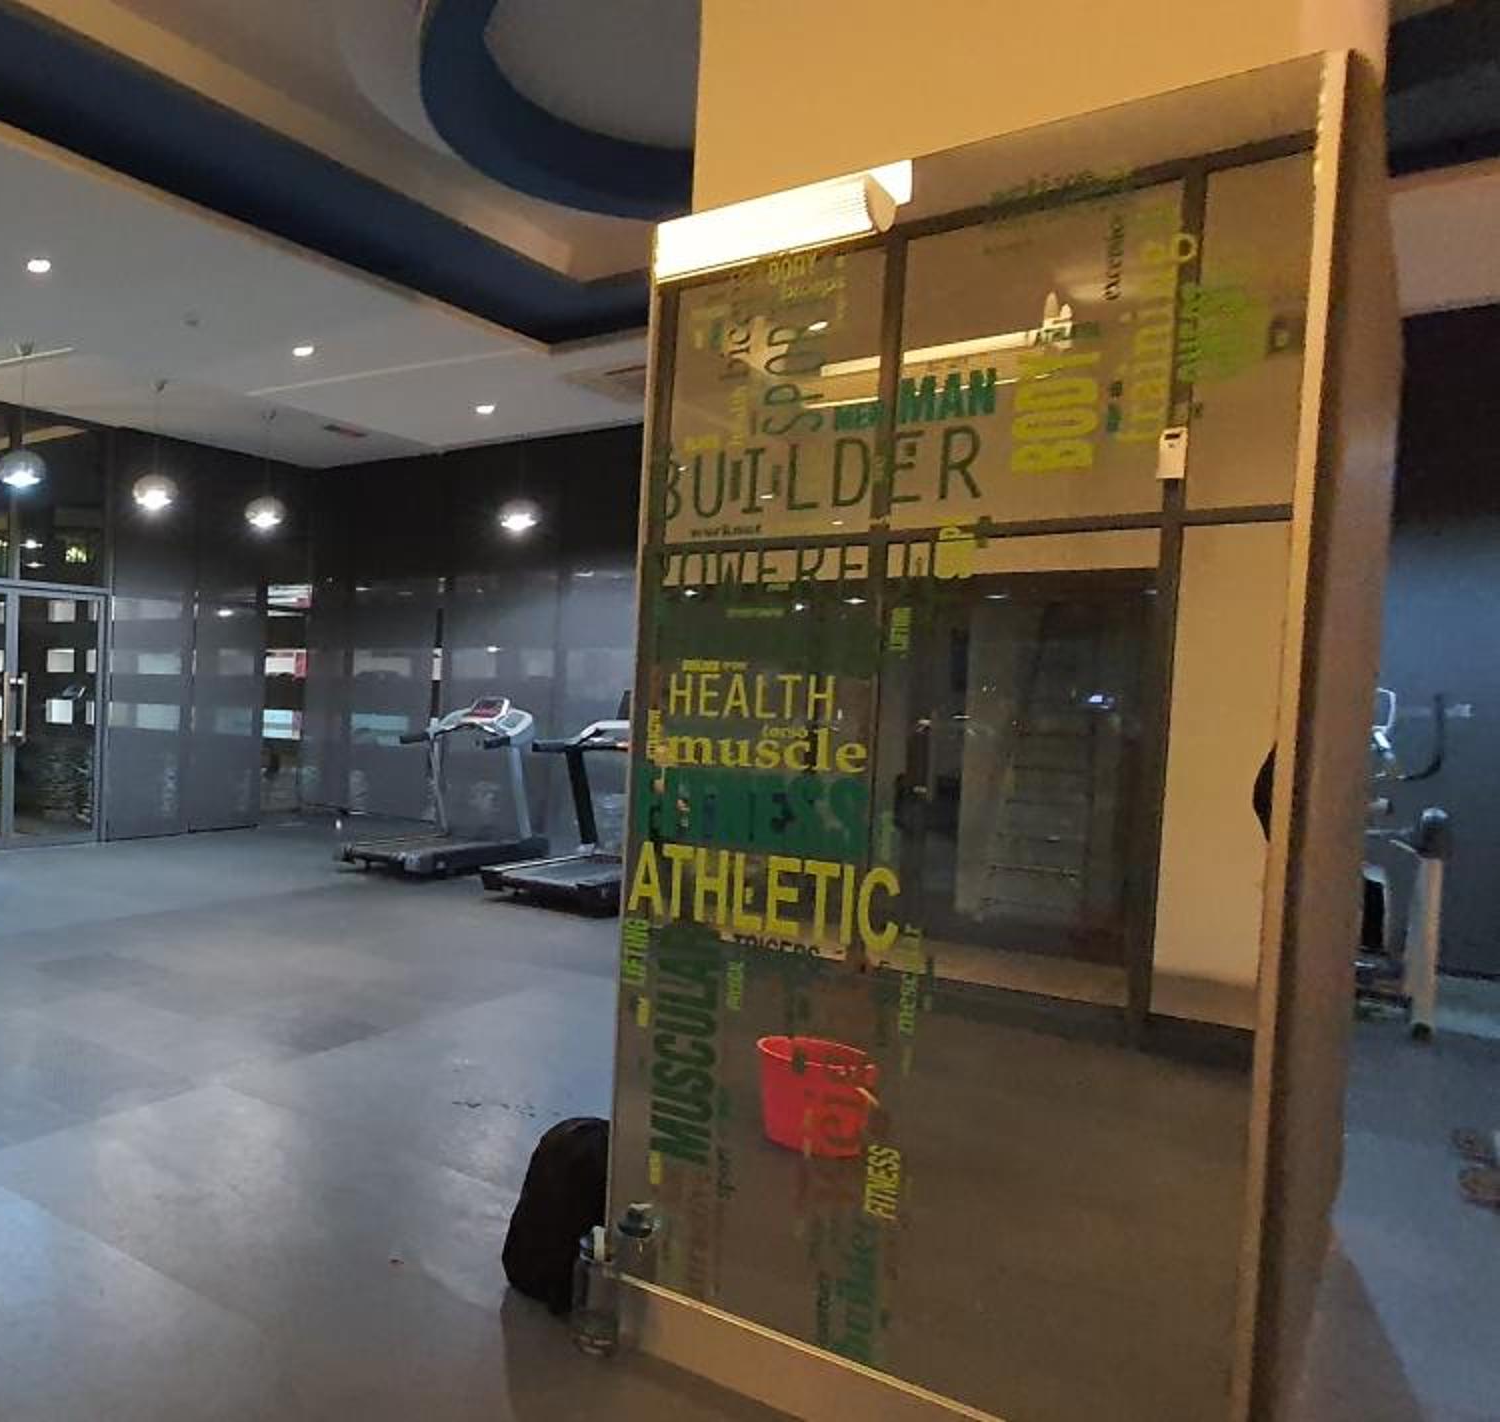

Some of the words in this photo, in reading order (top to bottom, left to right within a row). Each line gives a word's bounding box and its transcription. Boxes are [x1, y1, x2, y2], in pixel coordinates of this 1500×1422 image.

[900, 367, 997, 425] MAN
[1011, 350, 1100, 475] BODY
[660, 425, 983, 521] BUILDER
[667, 672, 837, 721] HEALTH
[666, 727, 868, 774] muscle
[627, 841, 901, 949] ATHLETIC
[862, 1143, 902, 1221] FITNESS
- - - - - - -
Please print out the entries above exactly. The pictures stay out.

Some of the words in this photo, in reading order (top to bottom, left to right within a row). Each line gives a word's bounding box and its transcription. Boxes are [x1, y1, x2, y2], in pixel coordinates of this 1500×1422 image.

[900, 367, 997, 425] MAN
[1011, 350, 1100, 475] BODY
[660, 425, 983, 521] BUILDER
[667, 672, 837, 721] HEALTH
[666, 727, 868, 774] muscle
[627, 841, 901, 949] ATHLETIC
[862, 1143, 902, 1221] FITNESS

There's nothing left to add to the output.